The terms of the Proposed Acquisition were first disclosed in a press release of the REIT dated September 27, 2012, and are further described in the management information circular of the REIT dated October 5, 2012 that has been mailed to unitholders of the REIT in connection with the annual and special meeting of the REIT to be held on October 30, 2012 to approve the Proposed Acquisition (the "Special Meeting").
The Proposed Acquisition and Put/Call Agreement (together with other related matters) are being presented to the REIT's unitholders for approval at the Special Meeting. As Paul Dalla Lana currently indirectly owns an approximate 82% interest in the REIT, and owns and controls NorthWest, the Proposed Acquisition and Put/Call Agreement constitute "related party transactions" under Multilateral Instrument 61-101 - Protection of Minority Security Holders in Special Transactions and therefore must be approved by the affirmative vote of a majority of minority unitholders of the REIT.
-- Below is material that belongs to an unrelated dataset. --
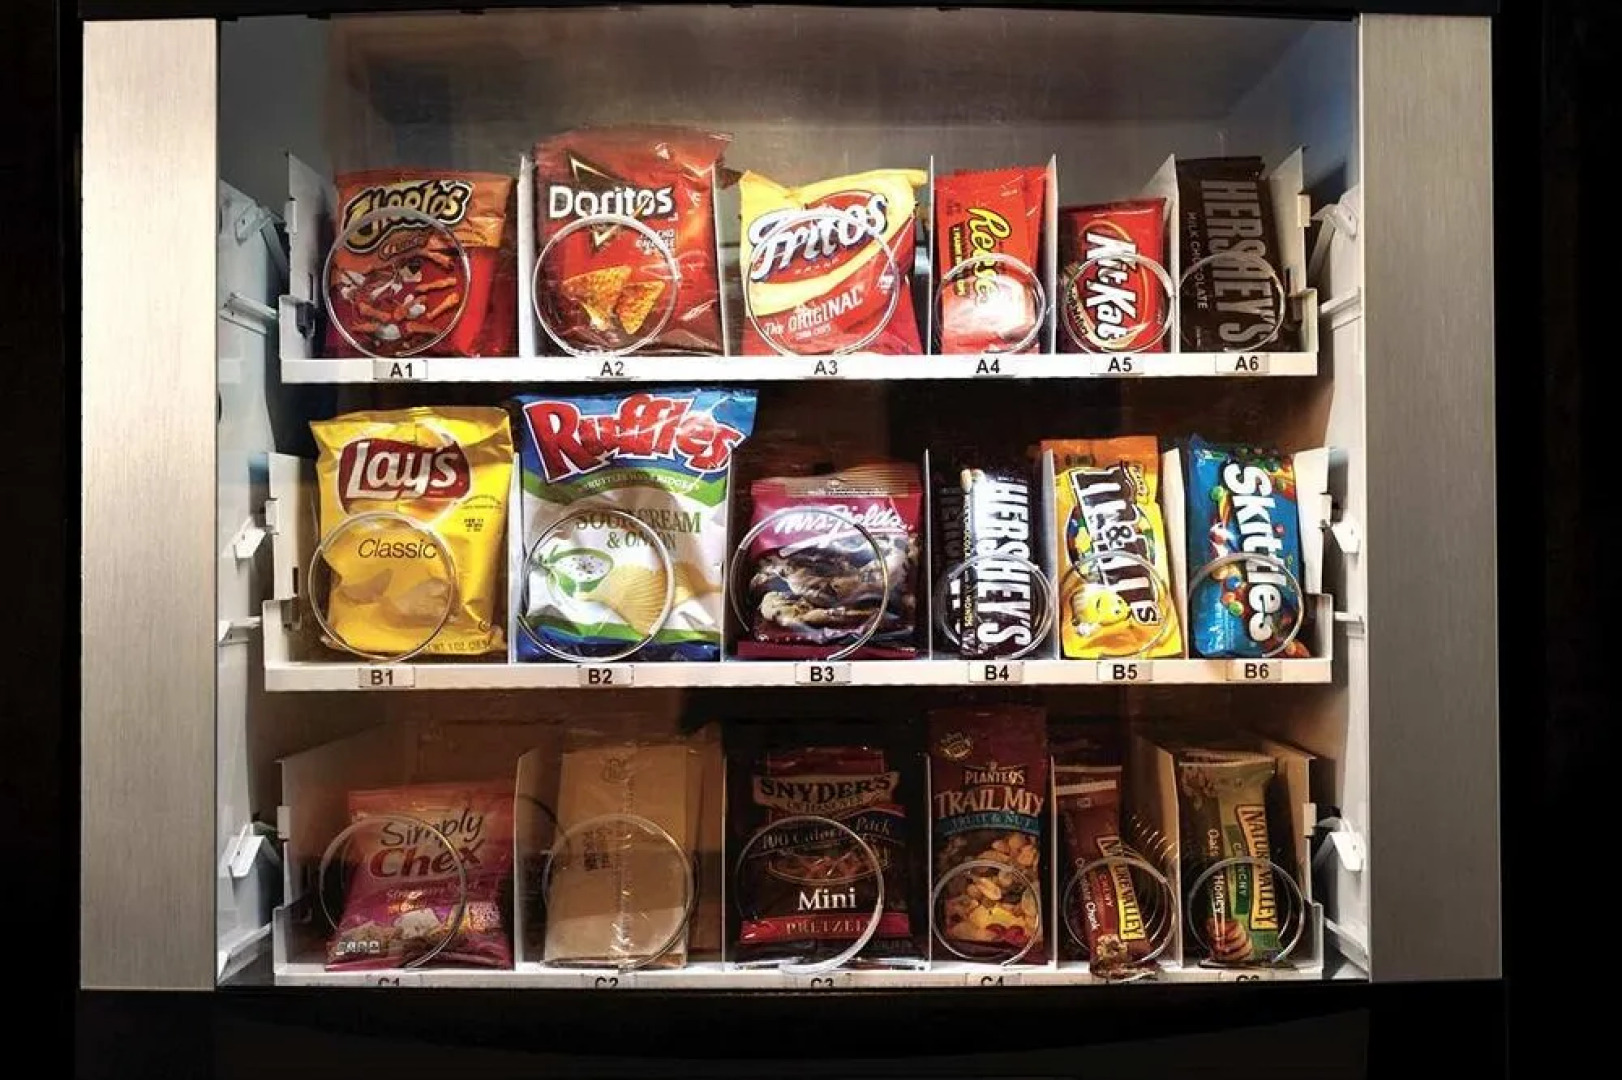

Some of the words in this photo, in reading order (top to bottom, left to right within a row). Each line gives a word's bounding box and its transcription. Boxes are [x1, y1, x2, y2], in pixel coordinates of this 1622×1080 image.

A copy of the Definitive Agreement (which includes the form of Put/Call Agreement as a schedule) will be made available at www.SEDAR.com. Unitholders of the REIT are encouraged to review such agreements before submitting proxies for the Special Meeting.
Neither the TSX Venture Exchange nor its Regulation Services Provider (as that term is defined in policies of the TSX Venture Exchange) accepts responsibility for the adequacy or accuracy of this release.
Certain statements contained in this news release may contain projections and "forward-looking statements" within the meaning of that phrase under Canadian securities laws. When used in this new release, the words "may", "would", "should", "could", "will", "intend", "plan", "anticipate", "believe", "estimate", "expect" and similar expressions may be used to identify forward-looking statements. Those statements reflect NorthWest's and the REIT's current views with respect to future events or conditions, including matters relating to the Proposed Acquisition and the Put/Call Agreement. By their nature, forward-looking statements reflect management's current views, beliefs and assumptions and are subject to certain risks and uncertainties, known and unknown, including, without limitation, risks disclosed in the information circular of the REIT mailed in connection with the Special Meeting. Many factors could cause actual results, performance or achievements to be materially different from any future results, performance or achievements that may be expressed or implied by these forward-looking statements. Neither NorthWest nor the REIT intend to nor assume any obligation to update these forward-looking statements whether as a result of new information, plans, events or otherwise, unless required by law. Completion of the Proposed Acquisition is subject to a number of conditions, including but not limited to, the entering into of a definitive acquisition agreement, TSXV acceptance and majority of the minority unitholder approval.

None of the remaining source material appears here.